#### DIRECTIONS:
Each entry below has to be written out again exactly.

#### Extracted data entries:
------------------------------------------------------------
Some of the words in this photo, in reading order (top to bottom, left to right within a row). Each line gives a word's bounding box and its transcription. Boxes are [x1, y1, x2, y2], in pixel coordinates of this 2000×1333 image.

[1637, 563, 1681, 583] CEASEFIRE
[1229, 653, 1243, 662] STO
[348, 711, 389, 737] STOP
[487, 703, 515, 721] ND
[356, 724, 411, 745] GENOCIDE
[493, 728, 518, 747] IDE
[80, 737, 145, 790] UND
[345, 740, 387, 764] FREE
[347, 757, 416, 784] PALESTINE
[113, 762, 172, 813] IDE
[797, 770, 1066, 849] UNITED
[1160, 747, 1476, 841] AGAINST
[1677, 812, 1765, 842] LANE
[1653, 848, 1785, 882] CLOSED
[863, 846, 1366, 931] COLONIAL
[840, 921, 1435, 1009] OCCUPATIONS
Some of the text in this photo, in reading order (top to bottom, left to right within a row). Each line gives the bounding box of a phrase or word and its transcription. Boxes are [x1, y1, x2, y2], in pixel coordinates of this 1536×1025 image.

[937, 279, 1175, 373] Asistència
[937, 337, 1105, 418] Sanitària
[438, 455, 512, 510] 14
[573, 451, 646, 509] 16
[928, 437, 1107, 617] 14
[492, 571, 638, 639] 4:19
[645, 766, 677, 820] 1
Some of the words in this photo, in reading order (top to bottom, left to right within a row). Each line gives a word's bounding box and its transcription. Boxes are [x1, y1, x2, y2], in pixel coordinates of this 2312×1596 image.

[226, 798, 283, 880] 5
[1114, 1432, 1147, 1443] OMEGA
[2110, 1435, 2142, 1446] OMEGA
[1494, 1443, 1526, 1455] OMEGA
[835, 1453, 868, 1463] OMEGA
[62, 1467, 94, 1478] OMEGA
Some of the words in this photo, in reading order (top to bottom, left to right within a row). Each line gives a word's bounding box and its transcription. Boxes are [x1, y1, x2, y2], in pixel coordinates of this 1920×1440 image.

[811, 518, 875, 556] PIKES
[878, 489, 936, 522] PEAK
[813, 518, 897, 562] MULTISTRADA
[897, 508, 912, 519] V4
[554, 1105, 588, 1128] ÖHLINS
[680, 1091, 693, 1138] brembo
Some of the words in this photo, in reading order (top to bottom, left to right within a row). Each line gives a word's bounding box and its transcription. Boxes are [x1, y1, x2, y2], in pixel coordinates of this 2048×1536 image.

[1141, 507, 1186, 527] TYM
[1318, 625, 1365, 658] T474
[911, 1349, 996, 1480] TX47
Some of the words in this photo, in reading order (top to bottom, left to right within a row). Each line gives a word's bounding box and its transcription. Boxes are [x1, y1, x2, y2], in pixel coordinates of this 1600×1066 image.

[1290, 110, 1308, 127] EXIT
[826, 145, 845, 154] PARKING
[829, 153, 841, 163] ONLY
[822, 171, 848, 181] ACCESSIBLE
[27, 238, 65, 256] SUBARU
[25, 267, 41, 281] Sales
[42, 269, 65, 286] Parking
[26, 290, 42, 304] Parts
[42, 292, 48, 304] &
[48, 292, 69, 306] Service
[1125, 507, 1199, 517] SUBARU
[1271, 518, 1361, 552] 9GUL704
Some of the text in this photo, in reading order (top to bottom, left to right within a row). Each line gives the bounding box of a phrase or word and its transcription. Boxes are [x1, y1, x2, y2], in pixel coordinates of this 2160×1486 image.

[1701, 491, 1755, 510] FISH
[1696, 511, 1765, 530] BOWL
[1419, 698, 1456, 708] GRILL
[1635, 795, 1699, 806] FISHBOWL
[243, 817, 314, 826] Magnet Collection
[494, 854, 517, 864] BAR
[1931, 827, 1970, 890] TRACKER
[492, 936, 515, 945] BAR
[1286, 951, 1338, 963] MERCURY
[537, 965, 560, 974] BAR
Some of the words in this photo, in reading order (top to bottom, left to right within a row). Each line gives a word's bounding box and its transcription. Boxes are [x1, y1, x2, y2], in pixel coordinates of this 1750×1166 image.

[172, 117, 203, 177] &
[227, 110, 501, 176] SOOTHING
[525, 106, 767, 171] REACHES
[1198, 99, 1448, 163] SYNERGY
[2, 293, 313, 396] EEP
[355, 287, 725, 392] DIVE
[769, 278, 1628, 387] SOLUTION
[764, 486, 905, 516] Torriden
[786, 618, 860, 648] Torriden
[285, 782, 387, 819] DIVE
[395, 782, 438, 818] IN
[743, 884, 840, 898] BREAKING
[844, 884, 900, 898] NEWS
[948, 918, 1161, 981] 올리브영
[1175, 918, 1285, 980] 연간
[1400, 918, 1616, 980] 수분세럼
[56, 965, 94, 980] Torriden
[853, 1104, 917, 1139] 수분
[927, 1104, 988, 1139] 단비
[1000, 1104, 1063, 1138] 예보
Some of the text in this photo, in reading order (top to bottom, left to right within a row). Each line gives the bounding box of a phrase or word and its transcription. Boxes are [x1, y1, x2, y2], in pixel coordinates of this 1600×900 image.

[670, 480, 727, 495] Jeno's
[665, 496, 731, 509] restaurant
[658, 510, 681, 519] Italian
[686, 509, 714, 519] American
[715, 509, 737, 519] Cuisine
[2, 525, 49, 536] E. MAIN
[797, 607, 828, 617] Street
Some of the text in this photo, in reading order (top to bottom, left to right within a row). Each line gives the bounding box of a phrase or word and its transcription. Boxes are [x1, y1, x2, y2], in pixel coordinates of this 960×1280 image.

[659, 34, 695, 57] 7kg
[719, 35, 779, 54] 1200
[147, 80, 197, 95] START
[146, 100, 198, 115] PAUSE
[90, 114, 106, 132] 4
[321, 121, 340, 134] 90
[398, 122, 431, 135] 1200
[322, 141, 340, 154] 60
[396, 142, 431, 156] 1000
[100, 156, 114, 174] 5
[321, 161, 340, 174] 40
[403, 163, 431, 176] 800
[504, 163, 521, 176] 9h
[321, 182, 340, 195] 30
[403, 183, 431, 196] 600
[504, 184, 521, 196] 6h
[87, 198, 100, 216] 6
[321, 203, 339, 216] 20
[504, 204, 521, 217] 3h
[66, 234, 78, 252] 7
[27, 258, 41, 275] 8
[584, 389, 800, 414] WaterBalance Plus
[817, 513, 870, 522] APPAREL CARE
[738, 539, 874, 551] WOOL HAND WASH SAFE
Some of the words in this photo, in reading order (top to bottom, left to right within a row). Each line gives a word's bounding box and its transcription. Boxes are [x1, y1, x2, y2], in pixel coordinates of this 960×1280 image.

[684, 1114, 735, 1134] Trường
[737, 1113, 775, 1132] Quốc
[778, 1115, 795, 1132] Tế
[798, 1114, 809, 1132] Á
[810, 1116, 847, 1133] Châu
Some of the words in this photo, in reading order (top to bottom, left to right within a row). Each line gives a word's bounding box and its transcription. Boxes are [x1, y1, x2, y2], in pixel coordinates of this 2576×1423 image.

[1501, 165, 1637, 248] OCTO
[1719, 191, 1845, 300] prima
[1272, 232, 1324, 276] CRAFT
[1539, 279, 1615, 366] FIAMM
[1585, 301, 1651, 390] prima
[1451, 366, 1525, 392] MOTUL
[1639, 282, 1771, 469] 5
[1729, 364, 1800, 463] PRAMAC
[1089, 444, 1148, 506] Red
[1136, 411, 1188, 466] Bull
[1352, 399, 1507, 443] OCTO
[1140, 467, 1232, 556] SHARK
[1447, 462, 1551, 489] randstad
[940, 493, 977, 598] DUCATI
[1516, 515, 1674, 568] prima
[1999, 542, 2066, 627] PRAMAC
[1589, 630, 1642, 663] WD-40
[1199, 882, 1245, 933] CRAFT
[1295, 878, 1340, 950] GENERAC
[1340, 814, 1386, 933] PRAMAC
------------------------------------------------------------
#### WORKED SOLUTION:
Some of the words in this photo, in reading order (top to bottom, left to right within a row). Each line gives a word's bounding box and its transcription. Boxes are [x1, y1, x2, y2], in pixel coordinates of this 2000×1333 image.

[1637, 563, 1681, 583] CEASEFIRE
[1229, 653, 1243, 662] STO
[348, 711, 389, 737] STOP
[487, 703, 515, 721] ND
[356, 724, 411, 745] GENOCIDE
[493, 728, 518, 747] IDE
[80, 737, 145, 790] UND
[345, 740, 387, 764] FREE
[347, 757, 416, 784] PALESTINE
[113, 762, 172, 813] IDE
[797, 770, 1066, 849] UNITED
[1160, 747, 1476, 841] AGAINST
[1677, 812, 1765, 842] LANE
[1653, 848, 1785, 882] CLOSED
[863, 846, 1366, 931] COLONIAL
[840, 921, 1435, 1009] OCCUPATIONS
Some of the text in this photo, in reading order (top to bottom, left to right within a row). Each line gives the bounding box of a phrase or word and its transcription. Boxes are [x1, y1, x2, y2], in pixel coordinates of this 1536×1025 image.

[937, 279, 1175, 373] Asistència
[937, 337, 1105, 418] Sanitària
[438, 455, 512, 510] 14
[573, 451, 646, 509] 16
[928, 437, 1107, 617] 14
[492, 571, 638, 639] 4:19
[645, 766, 677, 820] 1
Some of the words in this photo, in reading order (top to bottom, left to right within a row). Each line gives a word's bounding box and its transcription. Boxes are [x1, y1, x2, y2], in pixel coordinates of this 2312×1596 image.

[226, 798, 283, 880] 5
[1114, 1432, 1147, 1443] OMEGA
[2110, 1435, 2142, 1446] OMEGA
[1494, 1443, 1526, 1455] OMEGA
[835, 1453, 868, 1463] OMEGA
[62, 1467, 94, 1478] OMEGA
Some of the words in this photo, in reading order (top to bottom, left to right within a row). Each line gives a word's bounding box and its transcription. Boxes are [x1, y1, x2, y2], in pixel coordinates of this 1920×1440 image.

[811, 518, 875, 556] PIKES
[878, 489, 936, 522] PEAK
[813, 518, 897, 562] MULTISTRADA
[897, 508, 912, 519] V4
[554, 1105, 588, 1128] ÖHLINS
[680, 1091, 693, 1138] brembo
Some of the words in this photo, in reading order (top to bottom, left to right within a row). Each line gives a word's bounding box and its transcription. Boxes are [x1, y1, x2, y2], in pixel coordinates of this 2048×1536 image.

[1141, 507, 1186, 527] TYM
[1318, 625, 1365, 658] T474
[911, 1349, 996, 1480] TX47
Some of the words in this photo, in reading order (top to bottom, left to right within a row). Each line gives a word's bounding box and its transcription. Boxes are [x1, y1, x2, y2], in pixel coordinates of this 1600×1066 image.

[1290, 110, 1308, 127] EXIT
[826, 145, 845, 154] PARKING
[829, 153, 841, 163] ONLY
[822, 171, 848, 181] ACCESSIBLE
[27, 238, 65, 256] SUBARU
[25, 267, 41, 281] Sales
[42, 269, 65, 286] Parking
[26, 290, 42, 304] Parts
[42, 292, 48, 304] &
[48, 292, 69, 306] Service
[1125, 507, 1199, 517] SUBARU
[1271, 518, 1361, 552] 9GUL704
Some of the text in this photo, in reading order (top to bottom, left to right within a row). Each line gives the bounding box of a phrase or word and its transcription. Boxes are [x1, y1, x2, y2], in pixel coordinates of this 2160×1486 image.

[1701, 491, 1755, 510] FISH
[1696, 511, 1765, 530] BOWL
[1419, 698, 1456, 708] GRILL
[1635, 795, 1699, 806] FISHBOWL
[243, 817, 314, 826] Magnet Collection
[494, 854, 517, 864] BAR
[1931, 827, 1970, 890] TRACKER
[492, 936, 515, 945] BAR
[1286, 951, 1338, 963] MERCURY
[537, 965, 560, 974] BAR
Some of the words in this photo, in reading order (top to bottom, left to right within a row). Each line gives a word's bounding box and its transcription. Boxes are [x1, y1, x2, y2], in pixel coordinates of this 1750×1166 image.

[172, 117, 203, 177] &
[227, 110, 501, 176] SOOTHING
[525, 106, 767, 171] REACHES
[1198, 99, 1448, 163] SYNERGY
[2, 293, 313, 396] EEP
[355, 287, 725, 392] DIVE
[769, 278, 1628, 387] SOLUTION
[764, 486, 905, 516] Torriden
[786, 618, 860, 648] Torriden
[285, 782, 387, 819] DIVE
[395, 782, 438, 818] IN
[743, 884, 840, 898] BREAKING
[844, 884, 900, 898] NEWS
[948, 918, 1161, 981] 올리브영
[1175, 918, 1285, 980] 연간
[1400, 918, 1616, 980] 수분세럼
[56, 965, 94, 980] Torriden
[853, 1104, 917, 1139] 수분
[927, 1104, 988, 1139] 단비
[1000, 1104, 1063, 1138] 예보
Some of the text in this photo, in reading order (top to bottom, left to right within a row). Each line gives the bounding box of a phrase or word and its transcription. Boxes are [x1, y1, x2, y2], in pixel coordinates of this 1600×900 image.

[670, 480, 727, 495] Jeno's
[665, 496, 731, 509] restaurant
[658, 510, 681, 519] Italian
[686, 509, 714, 519] American
[715, 509, 737, 519] Cuisine
[2, 525, 49, 536] E. MAIN
[797, 607, 828, 617] Street
Some of the text in this photo, in reading order (top to bottom, left to right within a row). Each line gives the bounding box of a phrase or word and its transcription. Boxes are [x1, y1, x2, y2], in pixel coordinates of this 960×1280 image.

[659, 34, 695, 57] 7kg
[719, 35, 779, 54] 1200
[147, 80, 197, 95] START
[146, 100, 198, 115] PAUSE
[90, 114, 106, 132] 4
[321, 121, 340, 134] 90
[398, 122, 431, 135] 1200
[322, 141, 340, 154] 60
[396, 142, 431, 156] 1000
[100, 156, 114, 174] 5
[321, 161, 340, 174] 40
[403, 163, 431, 176] 800
[504, 163, 521, 176] 9h
[321, 182, 340, 195] 30
[403, 183, 431, 196] 600
[504, 184, 521, 196] 6h
[87, 198, 100, 216] 6
[321, 203, 339, 216] 20
[504, 204, 521, 217] 3h
[66, 234, 78, 252] 7
[27, 258, 41, 275] 8
[584, 389, 800, 414] WaterBalance Plus
[817, 513, 870, 522] APPAREL CARE
[738, 539, 874, 551] WOOL HAND WASH SAFE
Some of the words in this photo, in reading order (top to bottom, left to right within a row). Each line gives a word's bounding box and its transcription. Boxes are [x1, y1, x2, y2], in pixel coordinates of this 960×1280 image.

[684, 1114, 735, 1134] Trường
[737, 1113, 775, 1132] Quốc
[778, 1115, 795, 1132] Tế
[798, 1114, 809, 1132] Á
[810, 1116, 847, 1133] Châu
Some of the words in this photo, in reading order (top to bottom, left to right within a row). Each line gives a word's bounding box and its transcription. Boxes are [x1, y1, x2, y2], in pixel coordinates of this 2576×1423 image.

[1501, 165, 1637, 248] OCTO
[1719, 191, 1845, 300] prima
[1272, 232, 1324, 276] CRAFT
[1539, 279, 1615, 366] FIAMM
[1585, 301, 1651, 390] prima
[1451, 366, 1525, 392] MOTUL
[1639, 282, 1771, 469] 5
[1729, 364, 1800, 463] PRAMAC
[1089, 444, 1148, 506] Red
[1136, 411, 1188, 466] Bull
[1352, 399, 1507, 443] OCTO
[1140, 467, 1232, 556] SHARK
[1447, 462, 1551, 489] randstad
[940, 493, 977, 598] DUCATI
[1516, 515, 1674, 568] prima
[1999, 542, 2066, 627] PRAMAC
[1589, 630, 1642, 663] WD-40
[1199, 882, 1245, 933] CRAFT
[1295, 878, 1340, 950] GENERAC
[1340, 814, 1386, 933] PRAMAC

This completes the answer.